We have already covered some topics and techniques for loading, cleaning, and manipulating your datasets. While this is extremely important and most times the longest, most tedious part of the research process. However, if you have very clean data you will often be rewarded with fun and exciting analyses and results.

![research](img/research_protocol.png)


The analysis part is crucial and neded prior to good visualizations for your results, but I am going to cover visualization techniques first since some of these methods anf functions will be very helpful in some data exploration before you run a more formal analysis technique or applying machine learning, etc.

## Visualization techniques

Visualization is important to depict certain aspects of your data. These include: 
- distributions
- statistical relationships (continuous variables)
- statistical relationships (categorical variables)

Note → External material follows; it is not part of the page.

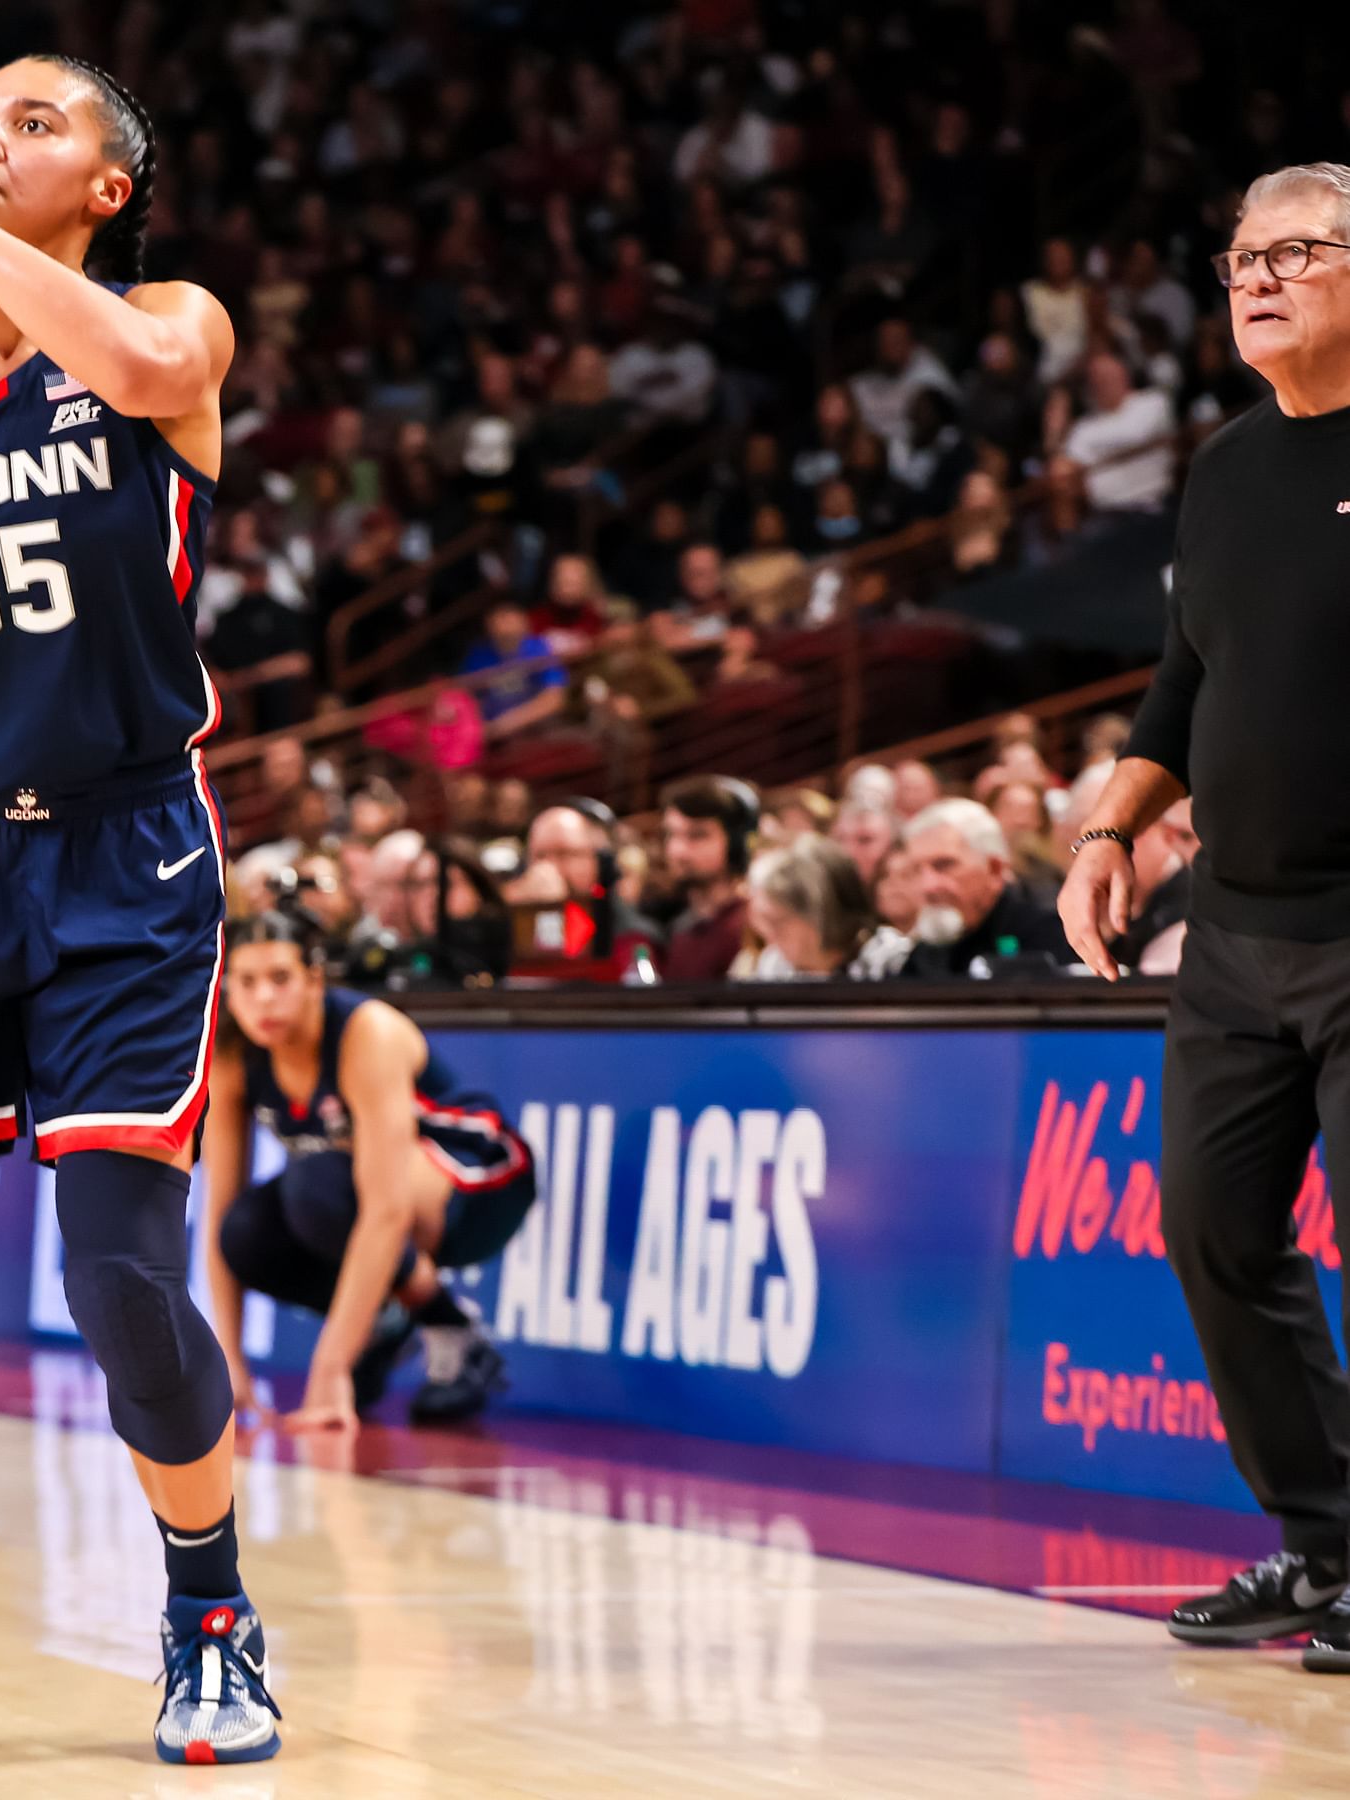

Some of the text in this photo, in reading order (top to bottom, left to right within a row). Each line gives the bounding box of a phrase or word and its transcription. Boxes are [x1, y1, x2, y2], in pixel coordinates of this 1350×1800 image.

[4, 807, 50, 821] UCONN
[495, 1102, 615, 1354] ALL
[621, 1105, 826, 1379] AGES

Some visualization methods are built into modules like scipy, numpy, and pandas. We can use these to quickly generate depictions of our data to gain better understanding.

Let's load our dataset and use some more pandas methods.

In [None]:
import pandas as pd

df = pd.read_csv("stroke_data.csv")
df.columns

First, we will plot data distributions, which involves counting (frequencies) of samples for a given variable.

Let's use the `plot` method in pandas to plot a histogram of the age variable using the `kind` argument. This method requires the matplotlib module, so we will load that before we run `plot`.

In [None]:
import matplotlib.pyplot as plt

df['age'].plot(kind='hist')

We can do this for categorical variables as well. This involves counting the values for each category first then using that data in the plot. 

We have to modify the `kind` argument to use `bar` to plot a bar chart depitcing the counts for the `gender` variable categories.

In [None]:
df['gender'].value_counts().plot(kind='bar')

We can also compare two variables and check for relationships that may exist between them. In pandas we use the `plot` method. Let's plot a scatter plot of age vs avg_glucose_level. 

In [None]:
df.plot(kind='scatter', x='age', y='avg_glucose_level')

These plots are excellent for quickly generating a visual to understand the data better. But for publication/report quality plots we can do better. So let's check out the seaborn module.

### Seaborn
Seaborn leverages matplotlib to draw "attractive and informative statistical graphics".

Let's import seaborn and use the `displot` function to generate a distribution plot. Seaborn works harmoniously with pandas dataframes to create the plots. We will select the age variable to run this analysis on (same as the pandas example).

In [None]:
import seaborn as sns

sns.displot(data=df, x='age')

With continuous variables, the histogram requires the data to be binned. We can modify the bin size for the `displot` function by using the `binwidth` argument. For the age variable, lets use a bin size of 5.

In [None]:
sns.displot(data=df, x='age', binwidth=5)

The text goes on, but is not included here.